* _EXERCISE DETAILS_
Write out every entry exactly as it stands.

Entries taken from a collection
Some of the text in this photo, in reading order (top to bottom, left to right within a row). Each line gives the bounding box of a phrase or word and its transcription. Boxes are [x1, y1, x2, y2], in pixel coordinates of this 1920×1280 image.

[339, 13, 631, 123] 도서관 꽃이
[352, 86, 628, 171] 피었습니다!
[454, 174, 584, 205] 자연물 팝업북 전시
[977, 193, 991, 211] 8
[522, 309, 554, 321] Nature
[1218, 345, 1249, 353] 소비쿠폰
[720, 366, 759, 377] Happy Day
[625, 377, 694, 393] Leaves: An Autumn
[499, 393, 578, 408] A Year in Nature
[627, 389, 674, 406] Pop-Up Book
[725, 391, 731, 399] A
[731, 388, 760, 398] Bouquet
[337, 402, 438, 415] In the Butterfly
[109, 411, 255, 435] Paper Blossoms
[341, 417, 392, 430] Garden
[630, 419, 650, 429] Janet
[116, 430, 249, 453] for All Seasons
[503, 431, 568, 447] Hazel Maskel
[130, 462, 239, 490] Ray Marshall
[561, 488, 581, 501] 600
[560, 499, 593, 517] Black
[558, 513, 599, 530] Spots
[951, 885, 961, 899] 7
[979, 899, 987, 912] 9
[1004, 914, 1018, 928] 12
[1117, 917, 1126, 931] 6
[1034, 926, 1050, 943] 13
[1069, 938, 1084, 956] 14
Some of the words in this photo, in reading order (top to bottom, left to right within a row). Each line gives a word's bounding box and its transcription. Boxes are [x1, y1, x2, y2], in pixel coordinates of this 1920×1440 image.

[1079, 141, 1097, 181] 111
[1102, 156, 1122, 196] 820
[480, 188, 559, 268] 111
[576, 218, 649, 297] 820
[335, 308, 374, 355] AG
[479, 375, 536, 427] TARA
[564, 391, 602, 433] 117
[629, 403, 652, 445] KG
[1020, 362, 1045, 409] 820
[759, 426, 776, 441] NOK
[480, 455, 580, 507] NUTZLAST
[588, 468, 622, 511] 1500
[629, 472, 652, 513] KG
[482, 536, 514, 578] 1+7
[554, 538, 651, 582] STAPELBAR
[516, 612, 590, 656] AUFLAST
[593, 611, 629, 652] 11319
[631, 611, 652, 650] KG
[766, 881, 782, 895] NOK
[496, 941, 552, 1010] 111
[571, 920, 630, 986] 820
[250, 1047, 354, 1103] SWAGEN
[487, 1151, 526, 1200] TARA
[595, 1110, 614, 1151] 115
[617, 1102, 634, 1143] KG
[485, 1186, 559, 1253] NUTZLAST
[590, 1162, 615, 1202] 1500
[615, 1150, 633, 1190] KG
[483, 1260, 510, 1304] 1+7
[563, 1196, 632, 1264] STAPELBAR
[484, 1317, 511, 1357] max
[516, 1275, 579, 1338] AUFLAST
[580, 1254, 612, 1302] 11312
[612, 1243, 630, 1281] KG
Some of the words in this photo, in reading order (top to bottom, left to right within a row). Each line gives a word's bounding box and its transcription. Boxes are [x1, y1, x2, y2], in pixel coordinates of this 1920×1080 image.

* _RESPONSE TO THIS EXERCISE_
Some of the text in this photo, in reading order (top to bottom, left to right within a row). Each line gives the bounding box of a phrase or word and its transcription. Boxes are [x1, y1, x2, y2], in pixel coordinates of this 1920×1280 image.

[339, 13, 631, 123] 도서관 꽃이
[352, 86, 628, 171] 피었습니다!
[454, 174, 584, 205] 자연물 팝업북 전시
[977, 193, 991, 211] 8
[522, 309, 554, 321] Nature
[1218, 345, 1249, 353] 소비쿠폰
[720, 366, 759, 377] Happy Day
[625, 377, 694, 393] Leaves: An Autumn
[499, 393, 578, 408] A Year in Nature
[627, 389, 674, 406] Pop-Up Book
[725, 391, 731, 399] A
[731, 388, 760, 398] Bouquet
[337, 402, 438, 415] In the Butterfly
[109, 411, 255, 435] Paper Blossoms
[341, 417, 392, 430] Garden
[630, 419, 650, 429] Janet
[116, 430, 249, 453] for All Seasons
[503, 431, 568, 447] Hazel Maskel
[130, 462, 239, 490] Ray Marshall
[561, 488, 581, 501] 600
[560, 499, 593, 517] Black
[558, 513, 599, 530] Spots
[951, 885, 961, 899] 7
[979, 899, 987, 912] 9
[1004, 914, 1018, 928] 12
[1117, 917, 1126, 931] 6
[1034, 926, 1050, 943] 13
[1069, 938, 1084, 956] 14
Some of the words in this photo, in reading order (top to bottom, left to right within a row). Each line gives a word's bounding box and its transcription. Boxes are [x1, y1, x2, y2], in pixel coordinates of this 1920×1440 image.

[1079, 141, 1097, 181] 111
[1102, 156, 1122, 196] 820
[480, 188, 559, 268] 111
[576, 218, 649, 297] 820
[335, 308, 374, 355] AG
[479, 375, 536, 427] TARA
[564, 391, 602, 433] 117
[629, 403, 652, 445] KG
[1020, 362, 1045, 409] 820
[759, 426, 776, 441] NOK
[480, 455, 580, 507] NUTZLAST
[588, 468, 622, 511] 1500
[629, 472, 652, 513] KG
[482, 536, 514, 578] 1+7
[554, 538, 651, 582] STAPELBAR
[516, 612, 590, 656] AUFLAST
[593, 611, 629, 652] 11319
[631, 611, 652, 650] KG
[766, 881, 782, 895] NOK
[496, 941, 552, 1010] 111
[571, 920, 630, 986] 820
[250, 1047, 354, 1103] SWAGEN
[487, 1151, 526, 1200] TARA
[595, 1110, 614, 1151] 115
[617, 1102, 634, 1143] KG
[485, 1186, 559, 1253] NUTZLAST
[590, 1162, 615, 1202] 1500
[615, 1150, 633, 1190] KG
[483, 1260, 510, 1304] 1+7
[563, 1196, 632, 1264] STAPELBAR
[484, 1317, 511, 1357] max
[516, 1275, 579, 1338] AUFLAST
[580, 1254, 612, 1302] 11312
[612, 1243, 630, 1281] KG
Some of the words in this photo, in reading order (top to bottom, left to right within a row). Each line gives a word's bounding box and its transcription. Boxes are [x1, y1, x2, y2], in pixel coordinates of this 1920×1080 image.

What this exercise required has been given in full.